- Try it -
Retype the data that follows exactly. No pictures belong in the copy.

_____

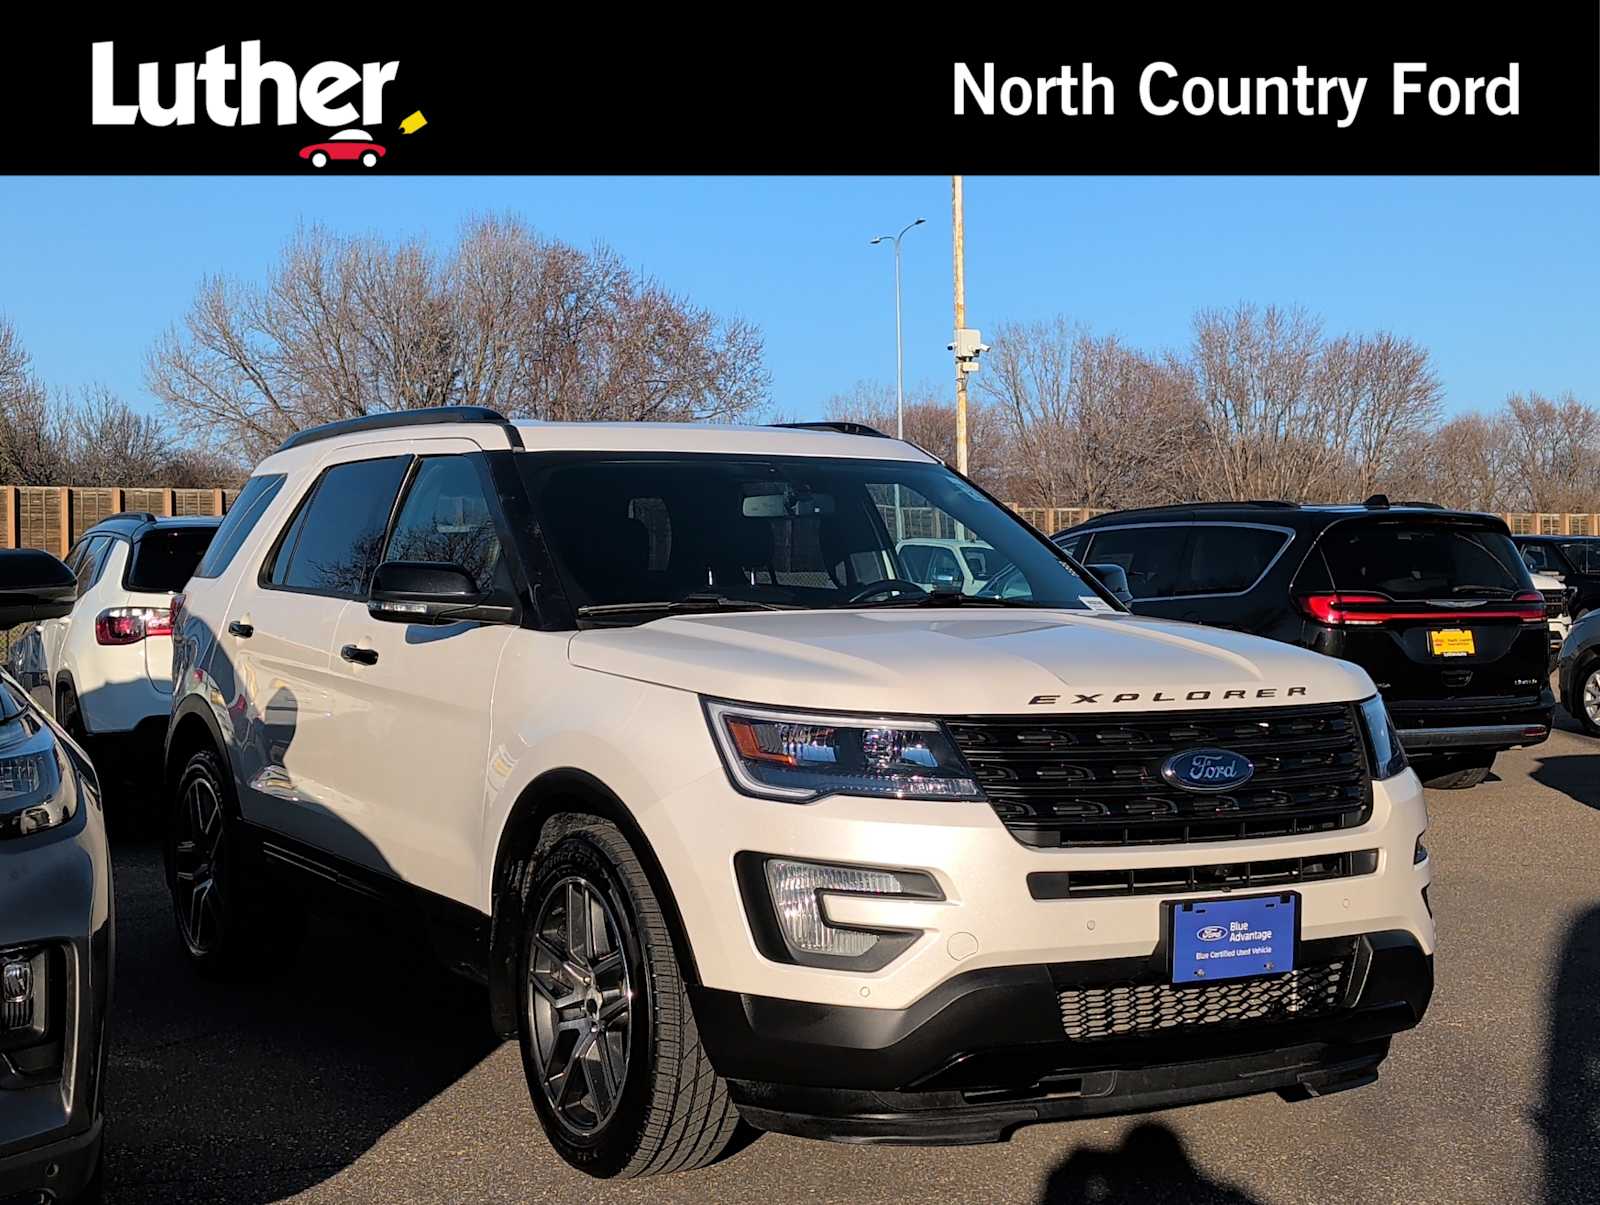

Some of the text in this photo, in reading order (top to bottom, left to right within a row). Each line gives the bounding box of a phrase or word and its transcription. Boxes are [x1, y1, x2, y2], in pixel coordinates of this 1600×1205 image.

[1028, 686, 1307, 705] EXPLORER
[1189, 755, 1237, 779] Ford
[1230, 921, 1249, 931] Blue
[1229, 930, 1273, 942] Advantage
[1210, 950, 1236, 958] Certified
[1252, 946, 1272, 954] Vehicle

_____

- Reply to the exercise -
Some of the text in this photo, in reading order (top to bottom, left to right within a row). Each line gives the bounding box of a phrase or word and its transcription. Boxes are [x1, y1, x2, y2], in pixel coordinates of this 1600×1205 image.

[1028, 686, 1307, 705] EXPLORER
[1189, 755, 1237, 779] Ford
[1230, 921, 1249, 931] Blue
[1229, 930, 1273, 942] Advantage
[1210, 950, 1236, 958] Certified
[1252, 946, 1272, 954] Vehicle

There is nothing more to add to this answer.